Diagnosing pelvic pain is no easy matter, and many women end up seeing dozens of doctors before the accurate diagnosis of “pelvic floor dysfunction” is made.  Once the

proven physical therapy methods of stretching, massage, exercise, and relaxation training for the pelvic floor muscles are implemented, pain-free living returns!  If more woman are made aware that physical therapy techniques are so successful for this painful condition, they can become more pro-active in seeking help sooner.  TBK hopes to do just that.

Q:  What is “pelvic organ prolapse,” and why did you include it in your book about incontinence?

A:  The pelvic floor muscles have a second very important role besides controlling urine and feces.  These same muscles support the abdominal organs.  If the pelvic floor becomes too thin and weak, the bladder, the rectum, or the uterus can drop down into the vaginal space and create a most uncomfortable “falling out” feeling in the vagina.  The American Urological Society (2008) reports that pelvic organ prolapse occurs in 35% to 65% of women.  A recent Norwegian study proved that pelvic floor strengthening, through physical therapy, was successful in lessening the degree of prolapse.  Since physical therapy is non-invasive, it should be tried before surgical repair.  The FDA has issued a warning against the use of certain mesh slings for bladder suspension surgeries.  Physical therapy corrects the underlying cause – lack of support due to pelvic floor weakness—without any complications whatsoever.  We figured women ought to know this, so they can make a more informed decision about surgery and get the relief they deserve.

Q:  Should MEN read this book?

A:  Some men suffer from incontinence, urgency, frequency, and nocturia.  Urinary incontinence strikes hard after prostate surgery for cancer.  All of the curative home exercises can be applied to men, who do not want to live life in pads. 

Q:  How many separate topics does The Bathroom Key cover that could be presented in individual articles / media segments?

A:  The Bathroom Key can be divided into the following 20 separate topics, making it well suited for a series of articles/shows:

1.      Bladder misconceptions:  a True / False QUIZ

2.      Kim (coauthor) shares her first-person story about incontinence

3.      8 other women share their trials and tribulations with incontinence, organ prolapse, pelvic pain, and depression.
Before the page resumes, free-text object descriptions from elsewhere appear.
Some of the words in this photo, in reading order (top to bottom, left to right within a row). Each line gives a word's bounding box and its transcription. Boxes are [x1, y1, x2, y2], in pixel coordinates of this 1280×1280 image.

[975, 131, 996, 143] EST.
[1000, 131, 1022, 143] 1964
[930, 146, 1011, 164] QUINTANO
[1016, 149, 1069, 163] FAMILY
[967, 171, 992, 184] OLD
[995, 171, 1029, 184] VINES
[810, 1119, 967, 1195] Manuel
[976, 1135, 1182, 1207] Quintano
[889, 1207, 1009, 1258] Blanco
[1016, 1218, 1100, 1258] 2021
4.      Stress urinary incontinence

5.      Urge urinary incontinence

6.      Mixed urinary incontinence

7.      Gas incontinence

8.      Urinary tract infections (UTIs) with 30 things one can do to prevent them

9.      How to make the urge to urinate disappear, without emptying the bladder.
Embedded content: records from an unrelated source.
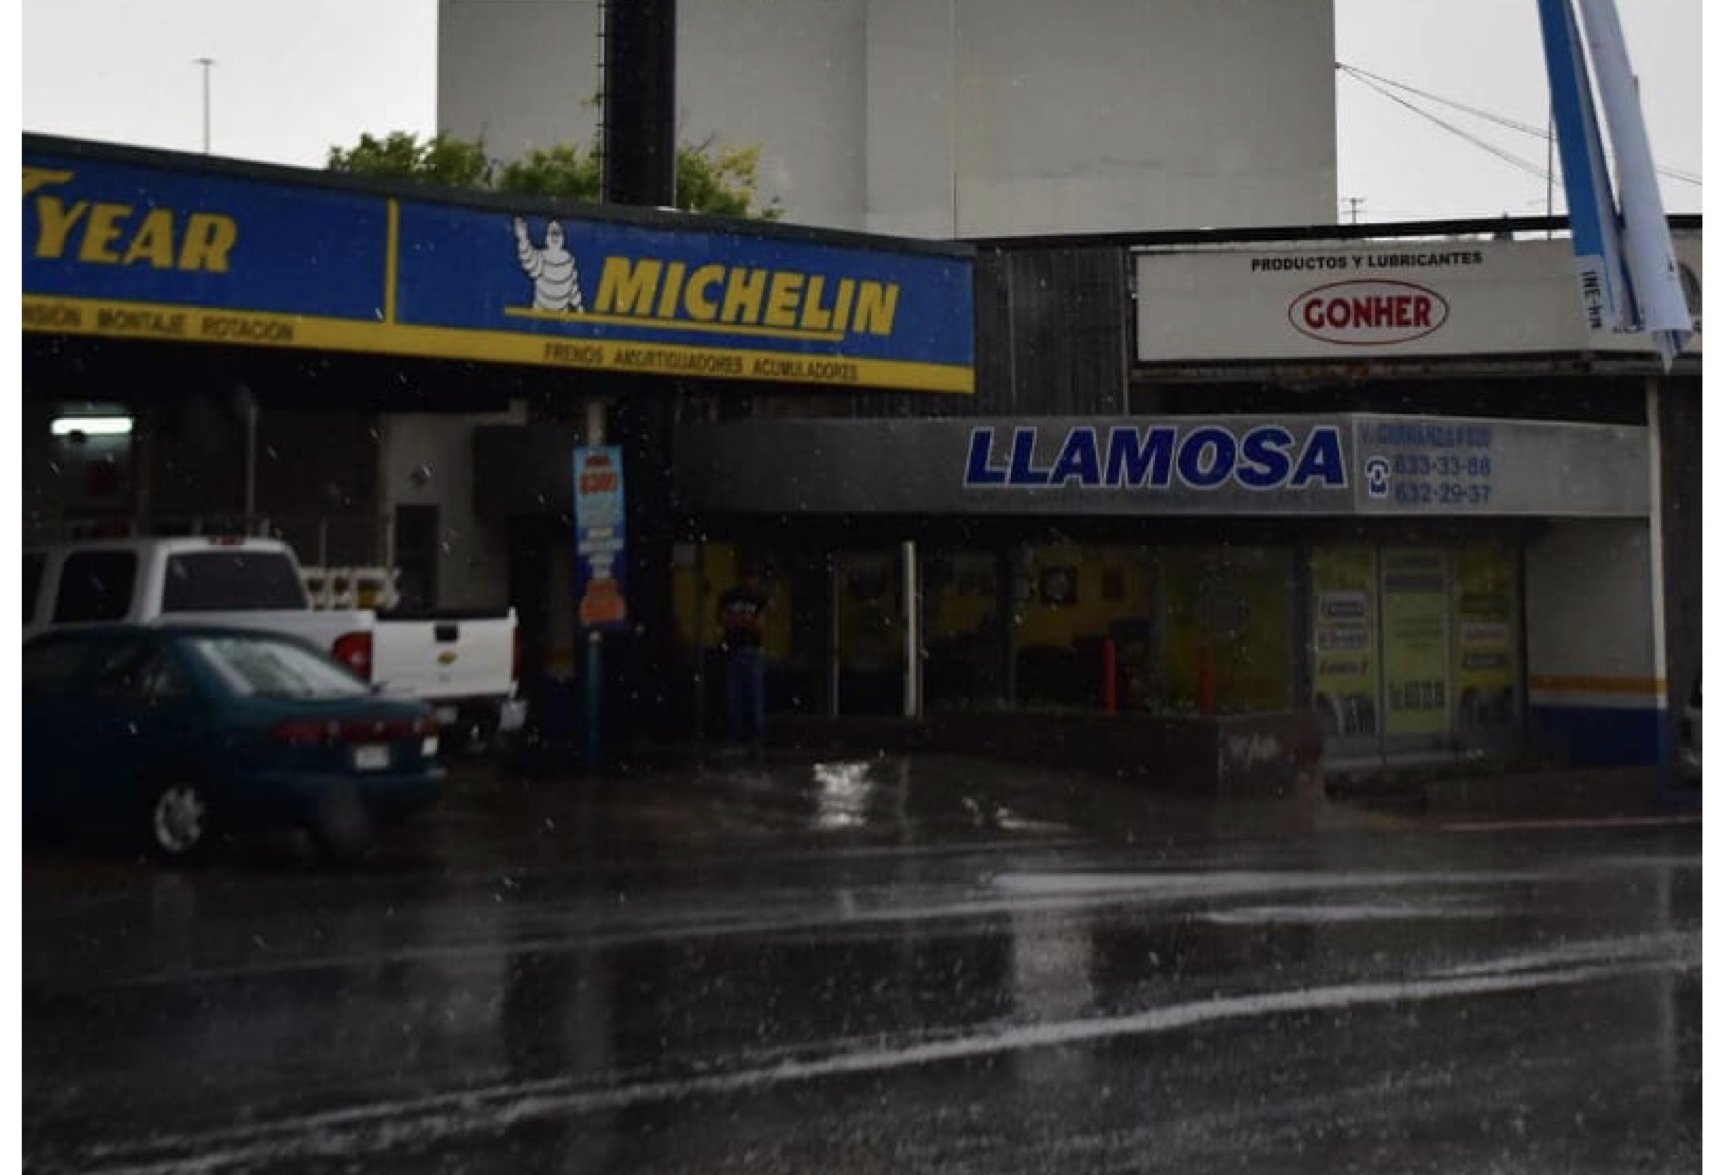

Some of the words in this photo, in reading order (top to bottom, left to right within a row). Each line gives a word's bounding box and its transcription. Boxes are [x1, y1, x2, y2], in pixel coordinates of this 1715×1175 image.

[1251, 255, 1347, 272] PRODUCTOS
[1352, 255, 1363, 269] Y
[1368, 251, 1483, 269] LUBRICANTES
[593, 255, 900, 336] MICHELIN
[1303, 294, 1433, 329] GONHER
[544, 342, 604, 365] FRENOS
[614, 347, 743, 376] AMORTIGUADORES
[753, 357, 859, 382] ACUMULADORES
[963, 424, 1349, 491] LLAMOSA
10.      How to retrain the bladder to prevent too-frequent bathroom trips, thus eliminating the need to map out where every bathroom is while running errands or traveling.

11.      Pelvic organ prolapse  (preventing and reducing cystocele, urethracele, rectocele, and uterine prolapse)

12.      Pelvic pain and dyspareunia  (overcoming painful sexual intercourse)

13.      Pilates (for core strengthening with photos/bio of Joseph Pilates and photos of instructional exercises)

14.        Pilates Mat Exercise techniques (with instructional photos).

15.      Arnold H. Kegel, MD, FACS (with never-before-published photos and biographical information)

16.      The link between urinary incontinence and depression

17.       Diet and Hydration:  What you eat and drink affects your bladder function.

18.      Kassai Self-Assessment for Urinary Control questionnaire:  Tells sufferers what type of incontinence they have and how bad it is – with a numeric rating

19.      Cited quotations (from 53 prestigious medical references), proving the efficacy and the medical community’s acceptance for treatment of the above topics.

20.      Home-use products for pelvic floor rehabilitation:  exercise equipment and self-massage tools to complement the book’s program.